La nouvelle création de Lazare est à découvrir à la Colline jusqu’au 20 juin.
Il était une fois une fée, la Fée Gouzail, qui, comme toute fée, s’attelait à distribuer ses dons aux tout-nouveaux et nouvelles né·es. À la petite Olympe, elle accorde le goût de la Liberté et de l’Égalité, au petit Danton celui de la dépense, au si laid Marat l’éloquence et, à la jeune Marie, future Antoinette, elle annonce en fait d’avenir un mariage qui lui coutera la vie.
Après cette introduction en forme de prélude, L’Avenir des reflets saute les années qui, comme dans le conte de La Belle au Bois dormant, sépare la naissance de l’adolescence : Marie-Antoinette s’empare non d’un fuseau, mais d’un futur roi de France, Louis, s’approchant ainsi de l’oracle prophétisé par la fée. Alors qu’elle arrive à Versailles, les deux jeunes gens se reniflent, pas trop certain·es de pouvoir se fier à l’autre. Quelques années encore, et voici Marat, joué avec grâce par Denis Lavant, en plein consultation dans son cabinet médical, ou Olympe de Gouges (désopilante Ava Baya) rencontrant son second époux, Jacques Biétrix.
Ainsi fonctionne la pièce de Lazare : par sauts de puces, elle passe en toute discontinuité d’une période à l’autre, faisant fi de toute vraisemblance et de tout souci de lisibilité. La première heure est ainsi étourdissante, avec ces décennies avalées au pas de course. Il arrive même que les sauts survolent plusieurs siècles, que ce soit par un simple jeu d’allusions volontairement anachroniques (les discours anti-immigrés de notre début de XXIe siècle) ou par des intermèdes temporaires, comme cette émission de France Inter qui voit un historien névrosé présenter ses recherches sur Olympe de Gouges.
La myriade des personnages participe de cette sensation de vertige. Si la fable se concentre dans l’ensemble sur le triade Marat – Olympe – Marie-Antoinette, une immense constellation d’autres figures (quatre-vingt-un selon notre décompte), pour la plupart historiques, gravite autour. Ce chassé-croisé de personnages d’importances diverses, souvent joués par les mêmes acteurs et actrices, ainsi que l’imposante scénographie à compartiments, marquent un véritable plaisir du théâtre et du déguisement .
Ce tourbillon entraîne avec lui un considérable mélange des genres, qui voit le spectacle passer du sérieux au comique, ce dernier reposant en grande partie sur l’art de l’anachronisme malicieux, du zeugma espiègle et de l’hométéleute inattendu. Les moments où Lazare donne libre cours à son amour de la poésie sont, en revanche, moins réussis.

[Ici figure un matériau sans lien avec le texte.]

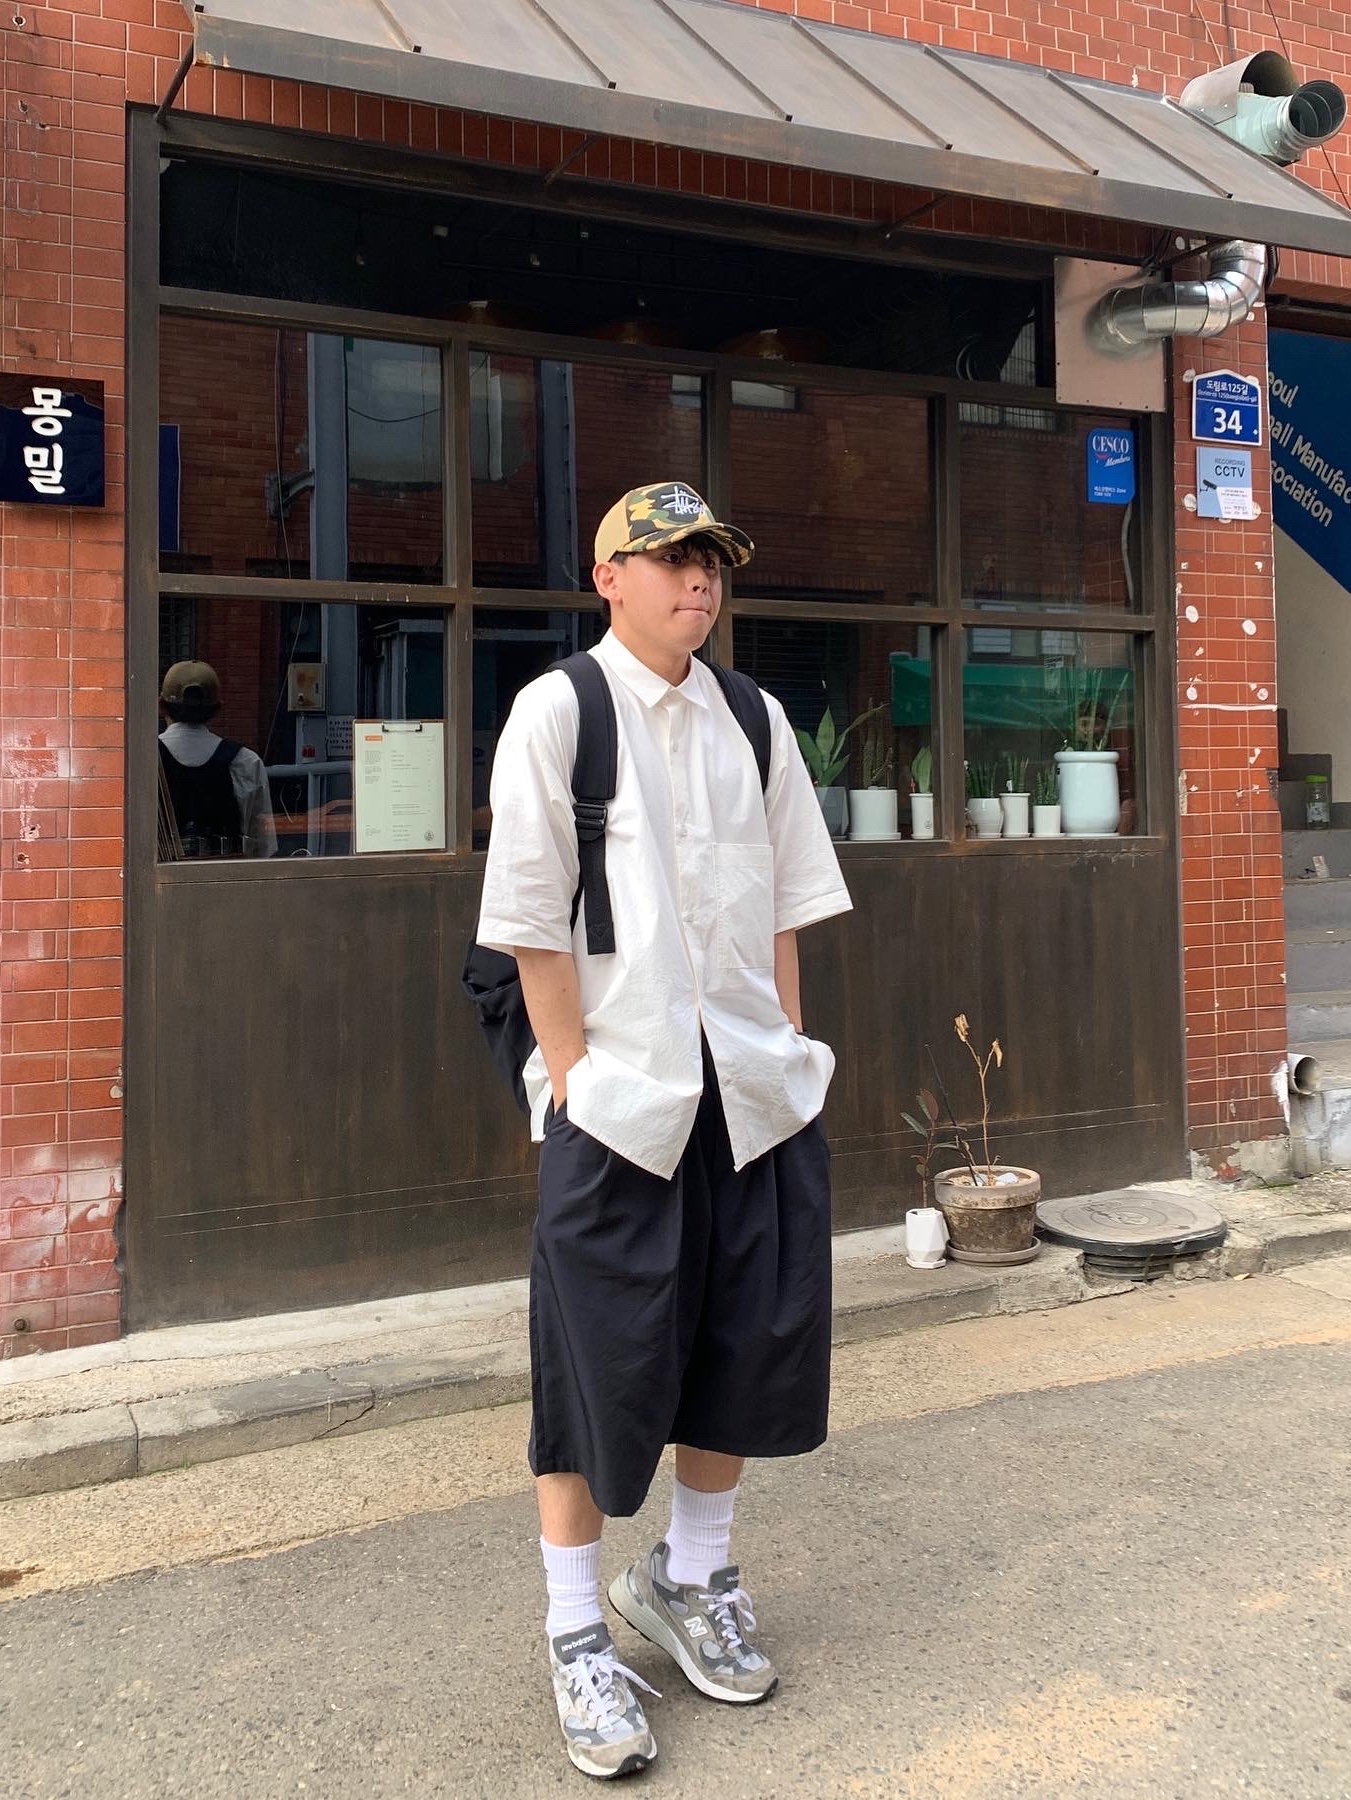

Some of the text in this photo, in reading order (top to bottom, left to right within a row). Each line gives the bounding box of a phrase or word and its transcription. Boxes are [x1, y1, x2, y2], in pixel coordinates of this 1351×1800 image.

Ce mélange des genres et des époques s’inscrit également dans les choix musicaux. Comme Sombre rivière, L’Avenir des reflets est en effet une comédie musicale, qui mêle Lulli (Persée) à du slam et à du contemporain. Comme Sombre rivière, aussi, L’Avenir des reflets joue de l’apparente innocence de la comédie musicale pour se révéler spectacle politique.
Le personnage d’Olympe, qui cristallise une bonne partie de l’attention, est ainsi l’occasion de revenir sur la longue histoire de la silenciation des femmes, et singulièrement des femmes autrices. Si chacun.e connaît aujourd’hui sa Déclaration des droits de la femme et de la citoyenne, ses oeuvres littéraires, romans et pièces de théâtre, sont encore occultées. Le texte de Lazare met en évidence le rôle des hommes dans cette marginalisation, qui usent d’allégations morales pour dénigrer leurs rivales féminines.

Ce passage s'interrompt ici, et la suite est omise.